• [Source data]:
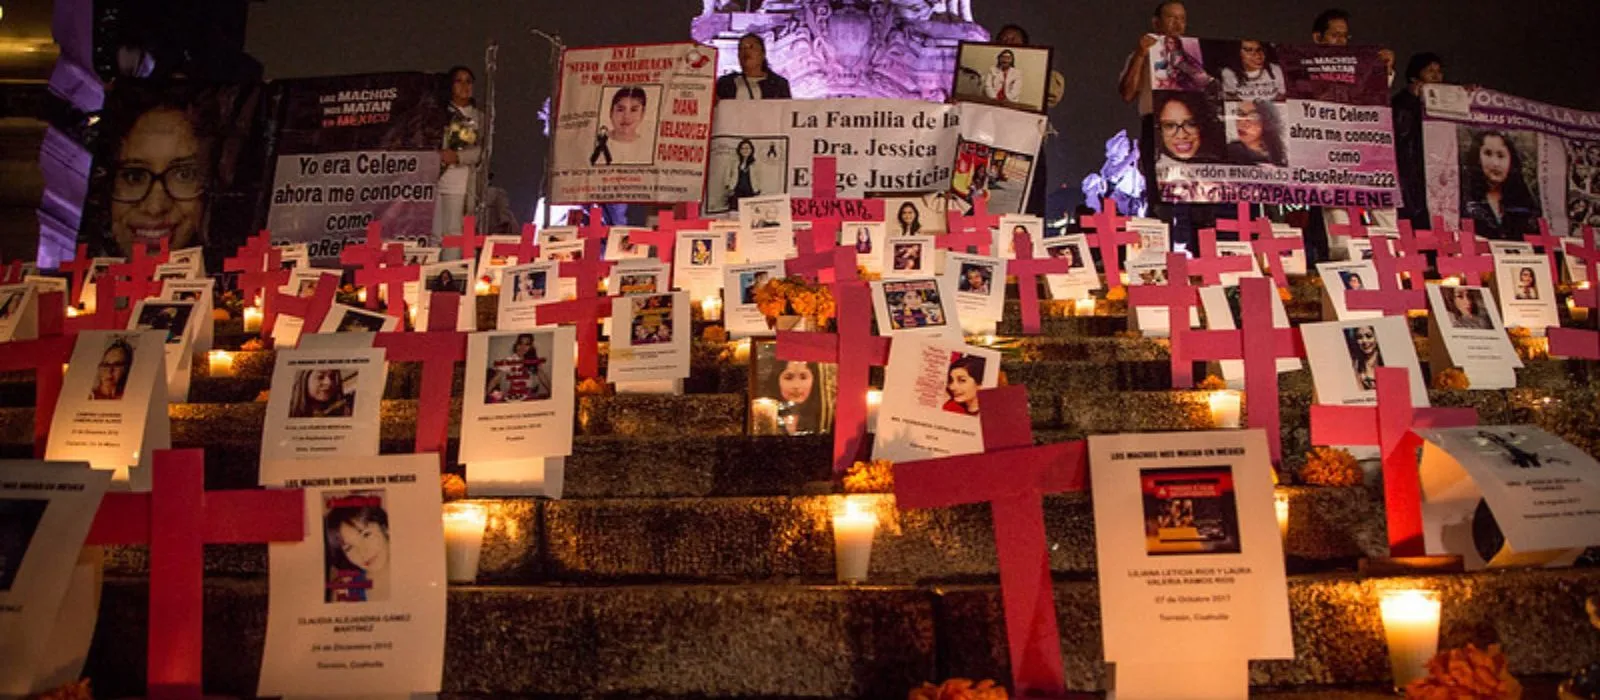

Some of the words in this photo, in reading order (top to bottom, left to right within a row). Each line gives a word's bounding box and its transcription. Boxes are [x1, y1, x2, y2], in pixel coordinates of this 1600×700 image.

[337, 87, 397, 102] MACHOS
[342, 101, 391, 114] MATAN
[673, 98, 698, 115] DIANA
[1302, 102, 1316, 118] Yo
[1319, 106, 1337, 120] era
[1339, 107, 1378, 122] Celene
[1526, 102, 1550, 119] DE
[1553, 109, 1574, 125] LA
[791, 111, 818, 129] La
[826, 111, 904, 129] Familia
[912, 111, 937, 129] de
[943, 112, 960, 129] la
[1290, 123, 1322, 140] ahora
[1325, 129, 1342, 141] me
[1345, 130, 1392, 144] conocen
[657, 143, 704, 163] FLORENCIO
[812, 138, 859, 155] Dra.
[865, 139, 937, 157] Jessica
[300, 157, 318, 175] Yo
[323, 160, 350, 174] era
[357, 153, 417, 174] Celene
[1328, 151, 1360, 163] como
[793, 167, 857, 191] Ege
[864, 167, 949, 189] Justicia
[1293, 167, 1395, 187] #CasoReforma222
[274, 184, 322, 204] ahora
[328, 187, 354, 202] me
[360, 184, 433, 202] conocen
[327, 212, 373, 230] como
[1111, 452, 1124, 461] LOS
[1126, 451, 1157, 460] MACHOS
[1160, 450, 1175, 458] NOS
[285, 480, 299, 488] LOS
[301, 478, 331, 488] MACHOS
[333, 477, 348, 486] NOS
[1127, 569, 1160, 577] LILIANA
[1161, 568, 1193, 576] LETICIA
[1146, 578, 1182, 586] VALERIA
[1183, 577, 1214, 585] RAMOS
[298, 616, 333, 626] CLAUDIA
[335, 614, 382, 625] ALEJANDRA
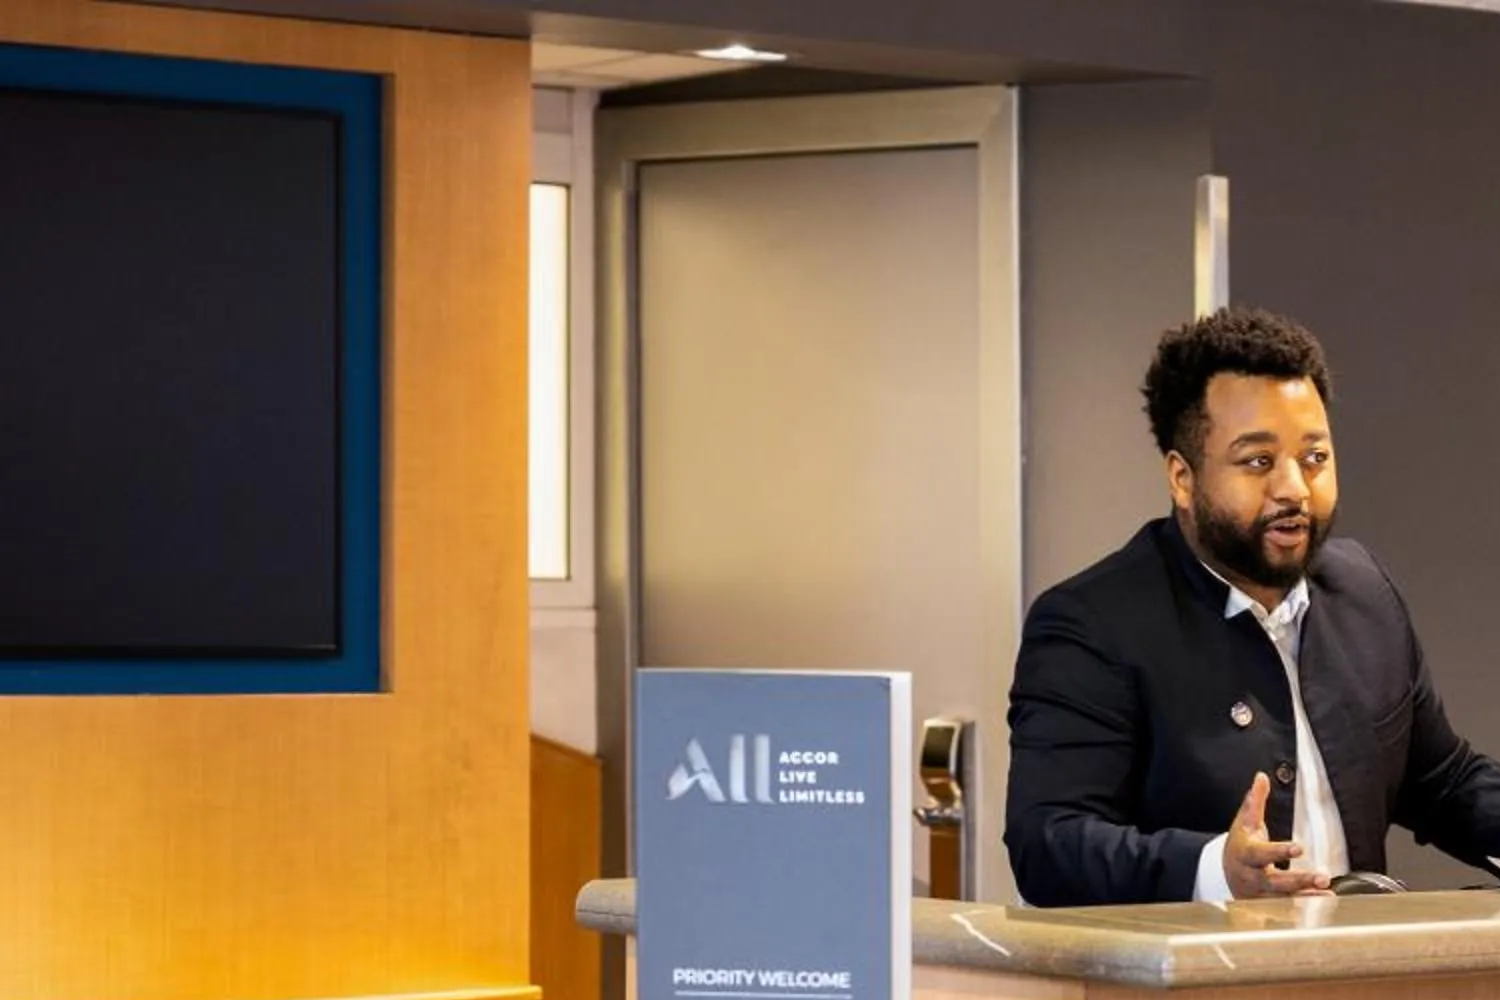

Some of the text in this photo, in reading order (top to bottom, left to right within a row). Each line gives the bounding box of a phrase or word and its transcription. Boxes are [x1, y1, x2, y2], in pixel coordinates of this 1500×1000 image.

[778, 751, 840, 765] ACCOR
[778, 771, 818, 784] LIVE
[778, 790, 866, 805] LIMITLESS
[673, 968, 852, 989] PRIORITY WELCOME
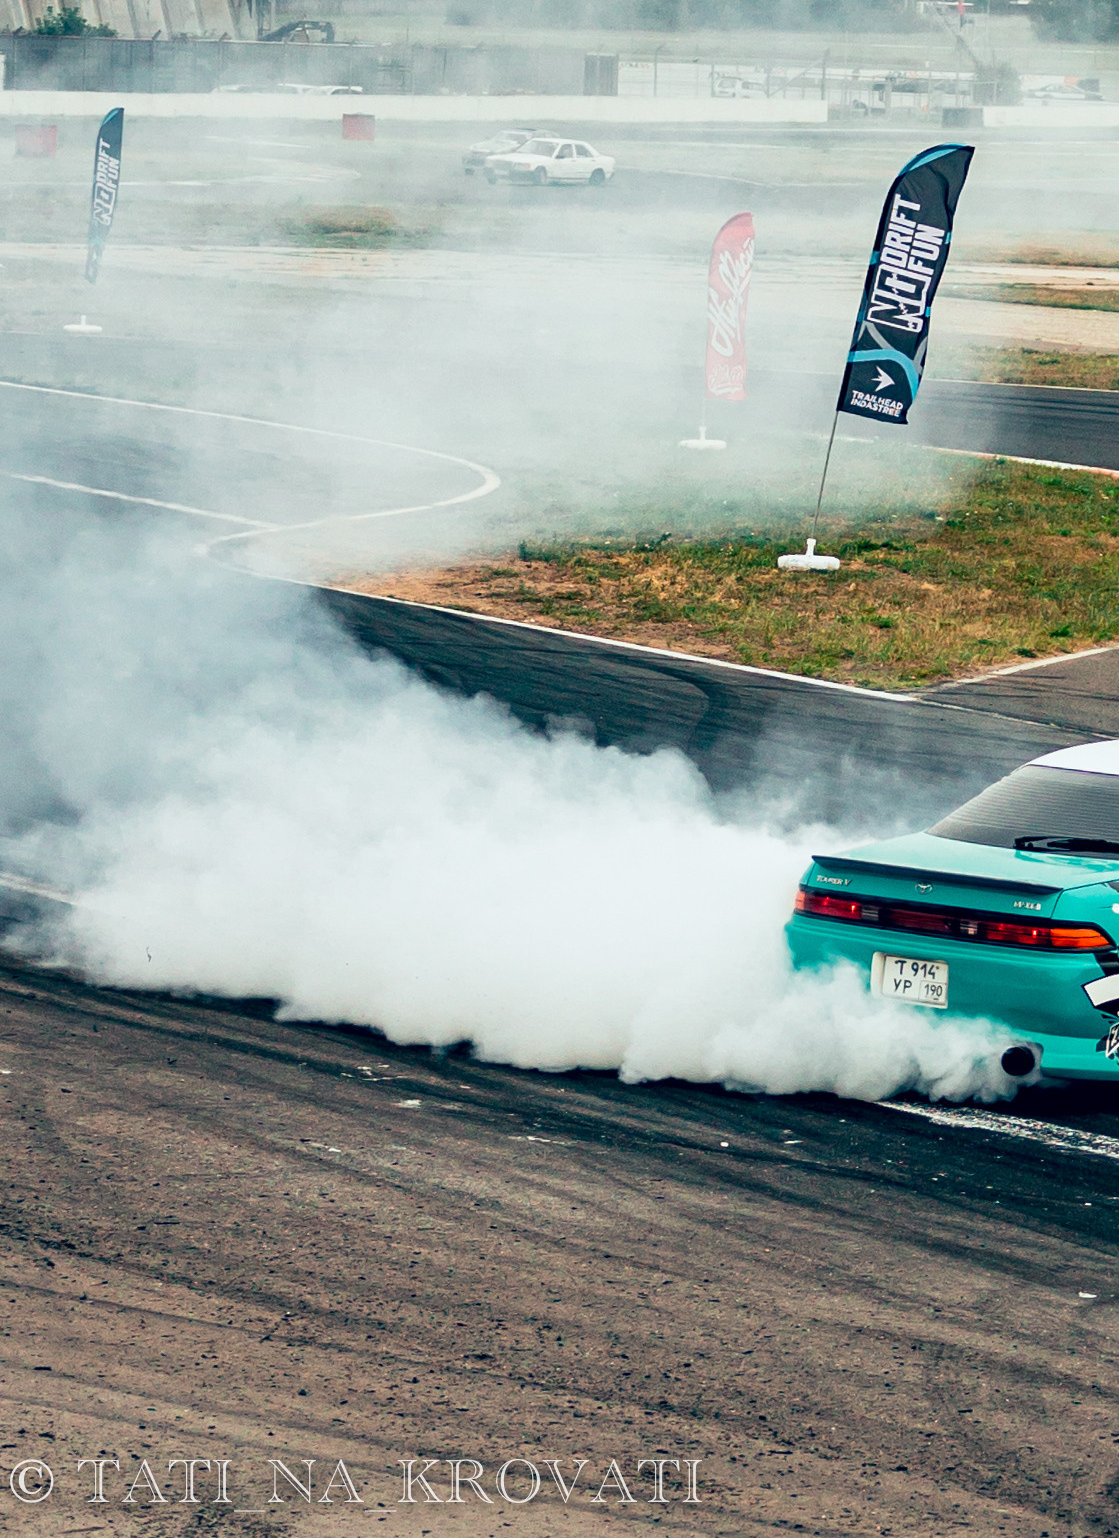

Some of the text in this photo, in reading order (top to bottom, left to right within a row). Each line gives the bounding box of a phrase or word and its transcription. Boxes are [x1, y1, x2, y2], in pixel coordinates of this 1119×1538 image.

[96, 138, 111, 186] DRIFT
[107, 157, 120, 189] FUN
[880, 193, 921, 270] DRIFT
[907, 224, 946, 276] FUN
[911, 961, 937, 980] 914
[924, 983, 943, 998] 190

• [Exercise objective]: Retype all the entries word for word; the pictures stay out.

• [Answer area]:
Some of the words in this photo, in reading order (top to bottom, left to right within a row). Each line gives a word's bounding box and its transcription. Boxes are [x1, y1, x2, y2], in pixel coordinates of this 1600×700 image.

[337, 87, 397, 102] MACHOS
[342, 101, 391, 114] MATAN
[673, 98, 698, 115] DIANA
[1302, 102, 1316, 118] Yo
[1319, 106, 1337, 120] era
[1339, 107, 1378, 122] Celene
[1526, 102, 1550, 119] DE
[1553, 109, 1574, 125] LA
[791, 111, 818, 129] La
[826, 111, 904, 129] Familia
[912, 111, 937, 129] de
[943, 112, 960, 129] la
[1290, 123, 1322, 140] ahora
[1325, 129, 1342, 141] me
[1345, 130, 1392, 144] conocen
[657, 143, 704, 163] FLORENCIO
[812, 138, 859, 155] Dra.
[865, 139, 937, 157] Jessica
[300, 157, 318, 175] Yo
[323, 160, 350, 174] era
[357, 153, 417, 174] Celene
[1328, 151, 1360, 163] como
[793, 167, 857, 191] Ege
[864, 167, 949, 189] Justicia
[1293, 167, 1395, 187] #CasoReforma222
[274, 184, 322, 204] ahora
[328, 187, 354, 202] me
[360, 184, 433, 202] conocen
[327, 212, 373, 230] como
[1111, 452, 1124, 461] LOS
[1126, 451, 1157, 460] MACHOS
[1160, 450, 1175, 458] NOS
[285, 480, 299, 488] LOS
[301, 478, 331, 488] MACHOS
[333, 477, 348, 486] NOS
[1127, 569, 1160, 577] LILIANA
[1161, 568, 1193, 576] LETICIA
[1146, 578, 1182, 586] VALERIA
[1183, 577, 1214, 585] RAMOS
[298, 616, 333, 626] CLAUDIA
[335, 614, 382, 625] ALEJANDRA

Some of the text in this photo, in reading order (top to bottom, left to right within a row). Each line gives the bounding box of a phrase or word and its transcription. Boxes are [x1, y1, x2, y2], in pixel coordinates of this 1500×1000 image.

[778, 751, 840, 765] ACCOR
[778, 771, 818, 784] LIVE
[778, 790, 866, 805] LIMITLESS
[673, 968, 852, 989] PRIORITY WELCOME

Some of the text in this photo, in reading order (top to bottom, left to right within a row). Each line gives the bounding box of a phrase or word and its transcription. Boxes are [x1, y1, x2, y2], in pixel coordinates of this 1119×1538 image.

[96, 138, 111, 186] DRIFT
[107, 157, 120, 189] FUN
[880, 193, 921, 270] DRIFT
[907, 224, 946, 276] FUN
[911, 961, 937, 980] 914
[924, 983, 943, 998] 190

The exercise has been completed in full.